The Tastiest — And Laziest — Thanksgiving Meal You Can Make
So, you don’t want to spend your day off carving a turkey and making mashed potatoes from scratch? Don’t. Stay in bed and start cooking an hour before your guests are set to arrive. Here’s everything you need for the tastiest, laziest Thanksgiving dinner you can serve:
Replace your turkey with a rotisserie chicken. Make sure it’s already cooked.
Get instant mashed potatoes. Step 1. Take the mix out of the box. Step 2. Add water.
Don’t forget gravy packets. See step 1-2 above.
Try an Easy Mac hack. Put it in a casserole dish, add breadcrumbs, and put it in the oven. It’s a baked macaroni and cheese masterpiece.
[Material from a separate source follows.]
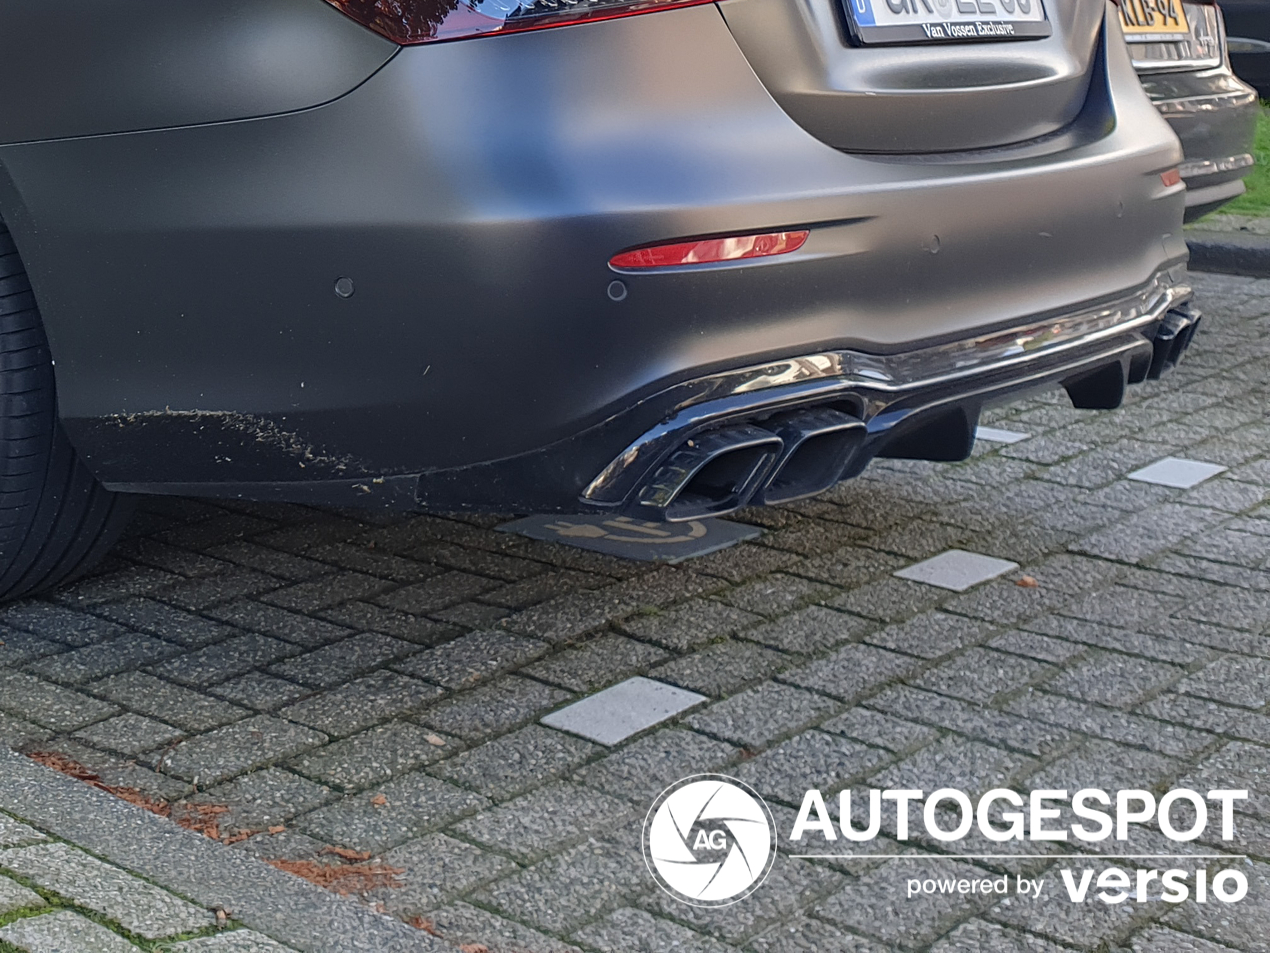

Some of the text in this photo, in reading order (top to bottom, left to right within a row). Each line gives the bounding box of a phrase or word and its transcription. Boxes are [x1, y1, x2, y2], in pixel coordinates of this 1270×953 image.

Grab canned cranberry sauce. Doesn’t everyone use this? You’re not even cheating.
Serve up hassle-free stuffing. Combine croutons, water, and a sprinkle of salt.
Pick up a pre-made pumpkin pie. Don’t forget to throw away the packaging.
Use elegant disposable dinnerware. A fancy way to say paper plates.
FOR THE EXTRA LAZY:
Turn your Thanksgiving dinner into a potluck. Everyone brings the feast. You bring yourself.
Get Thanksgiving dinner delivered. No need to break your Seamless streak for the holiday.
Make a reservation at a restaurant. Within walking distance, of course. Order extra for late-night leftover snacking.
Have Thanksgiving dinner all to yourself. Why sit through hours of small talk with family when you can feast alone in your bed? Don’t worry about any gravy spills either. We’ve got you covered.